A New Elementary Proof of Landau's Prime Ideal Theorem, and Associated Results
Alex Burgin
TL;DR
The paper develops an elementary, self-contained proof of Landau's Prime Ideal Theorem for number fields by extending Richter's orthogonality-based approach to the ideal setting. Central to the method is an explicit orthogonality identity that expresses the squared deviation of the divisor-count from its mean in terms of a GCD-based kernel $\Phi$, enabling equidistribution conclusions for $\Omega(\mathfrak m)$ modulo integers and, in particular, modulo $q$ and under irrational shifts. The authors establish Chebyshev-type bounds for prime ideals in $K$, supply combinatorial lemmas to construct structured families of primes and prime products, and connect these to a general framework that yields equidistribution results and Landau-type asymptotics.

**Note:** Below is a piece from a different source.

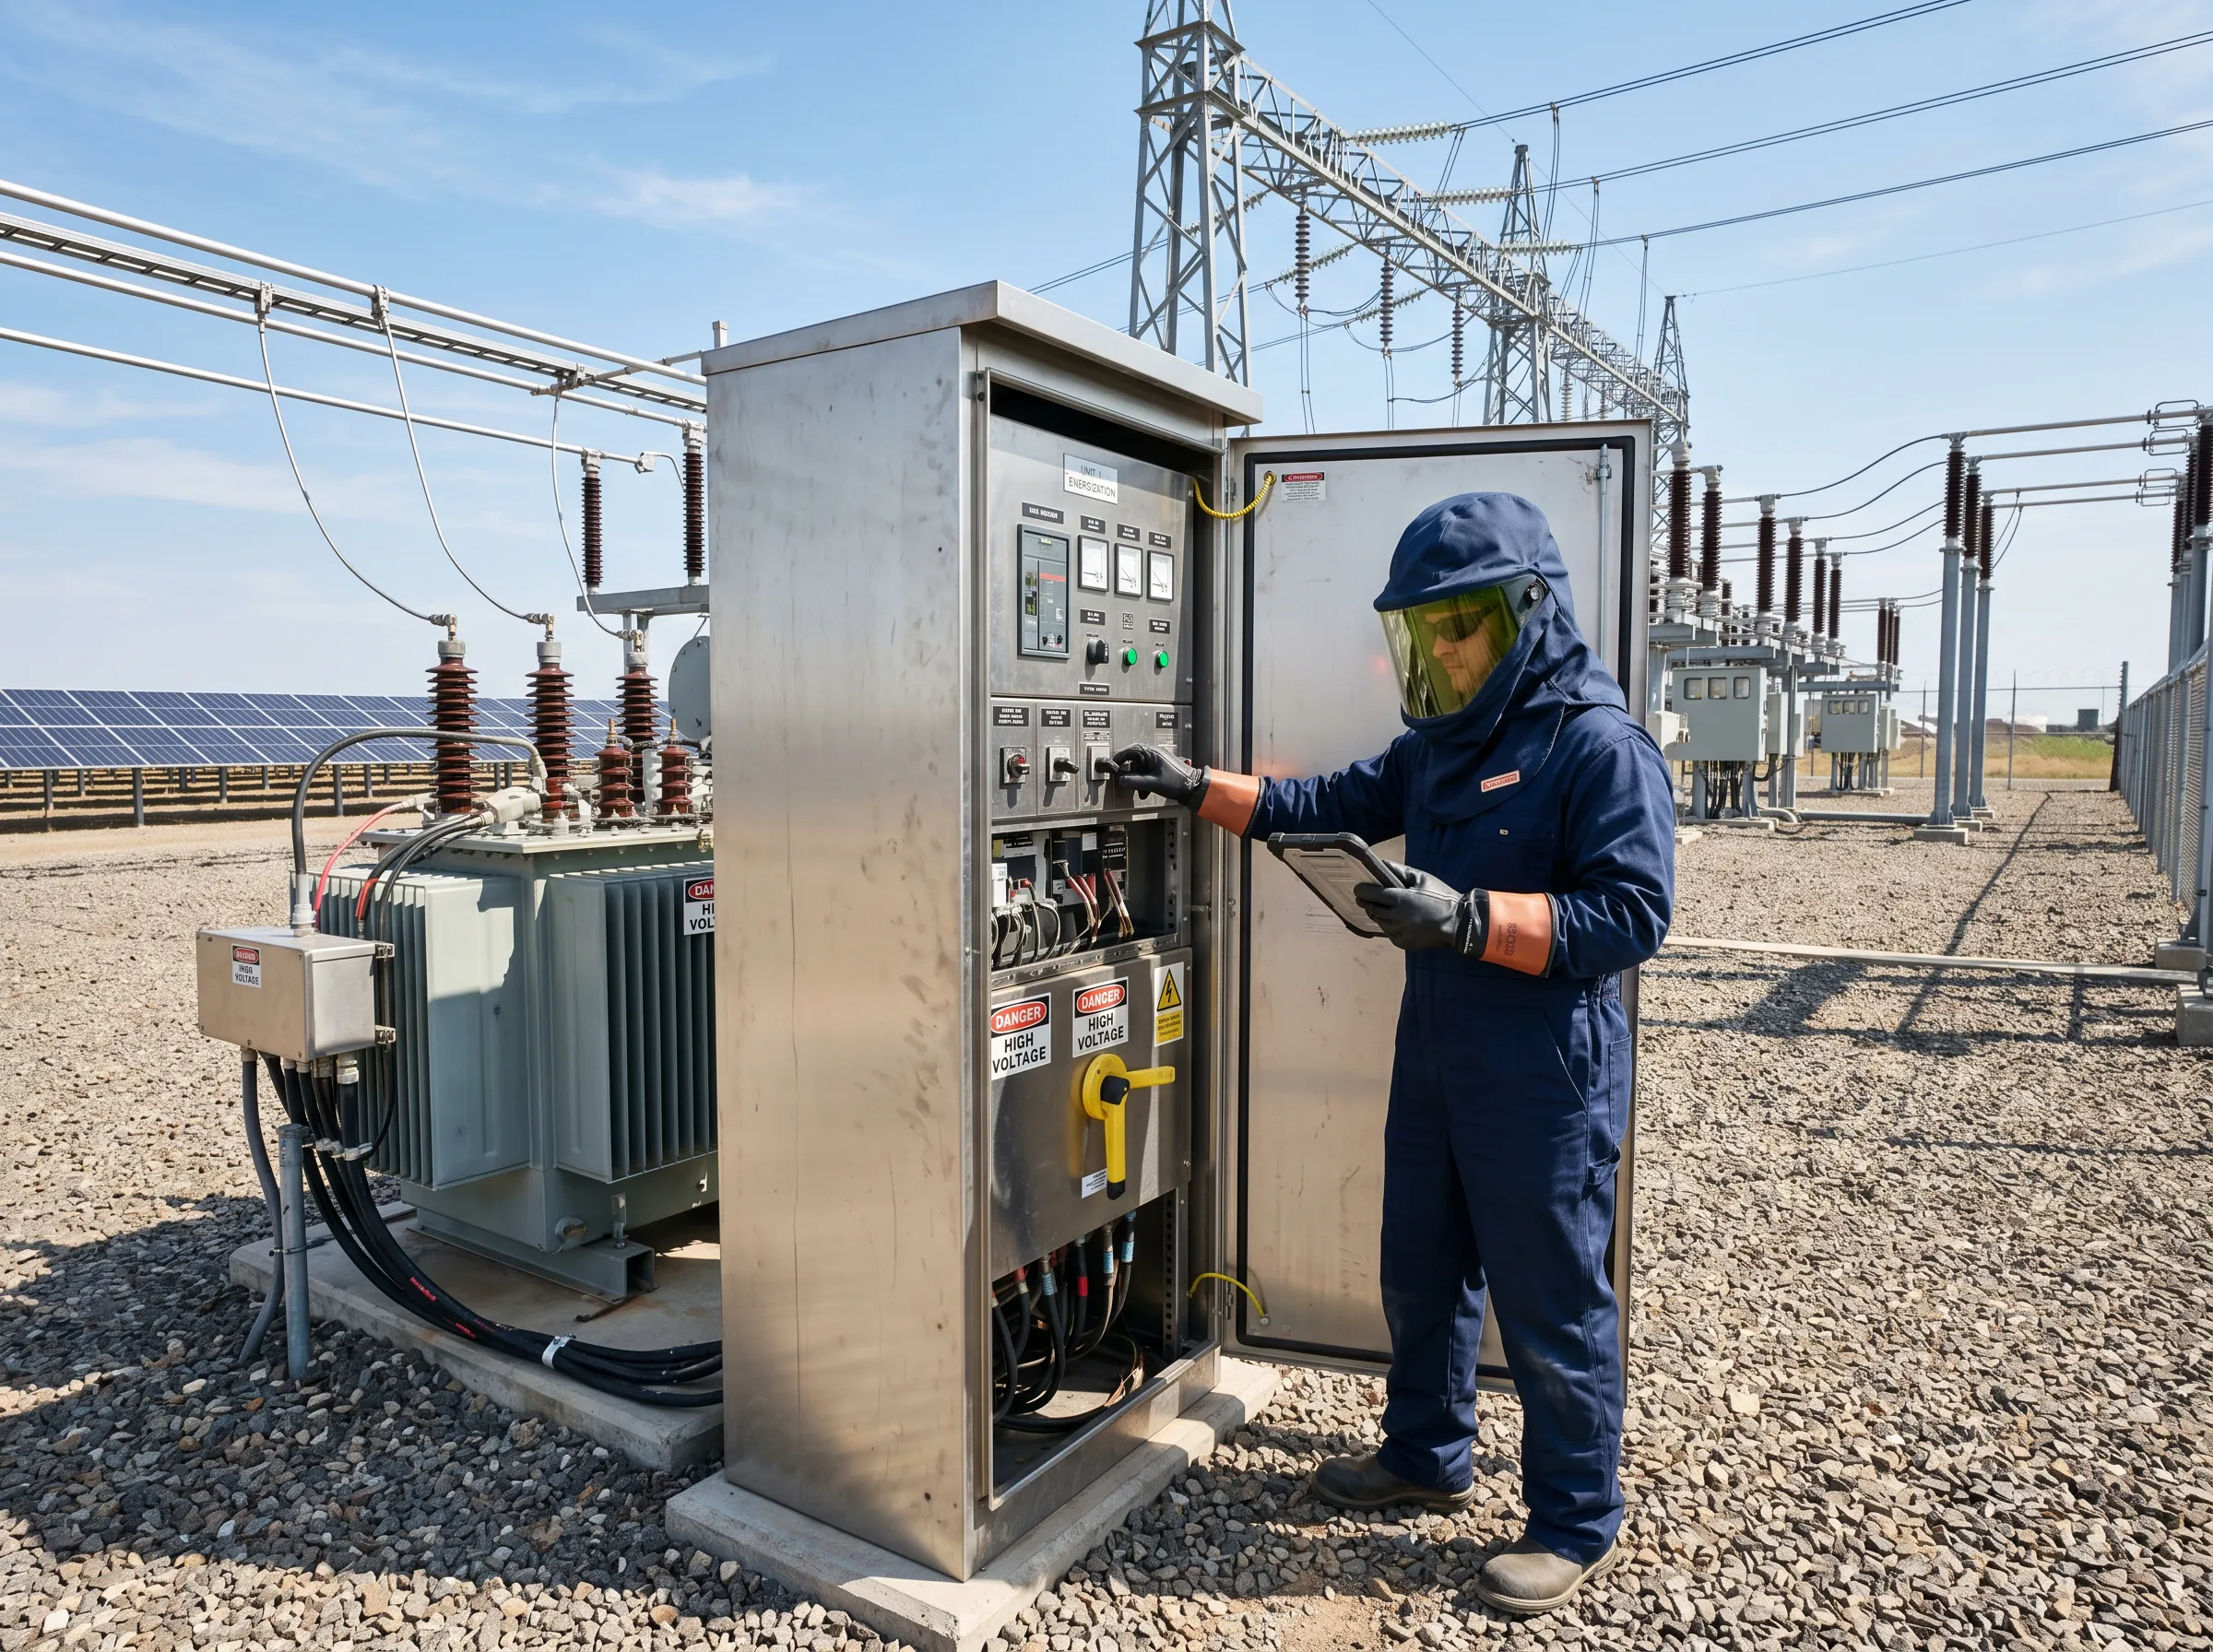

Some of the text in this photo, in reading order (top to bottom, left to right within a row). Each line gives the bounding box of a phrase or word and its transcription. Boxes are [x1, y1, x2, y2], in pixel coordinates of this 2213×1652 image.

Appendix sections provide the analytical tools (Abel summation, Weyl's criterion) and an implication chain showing $L(x)=o(x)$ implies $M(x)=o(x)$, consolidating an elementary route to the prime-ideal distribution problem with potential extensions to Beurling-type systems.
Abstract
We give a new elementary proof of Landau's Prime Ideal Theorem. The proof is an extension of Richter's proof of the Prime Number Theorem. The main result contains other results related to the equidistribution of the prime ideal counting function.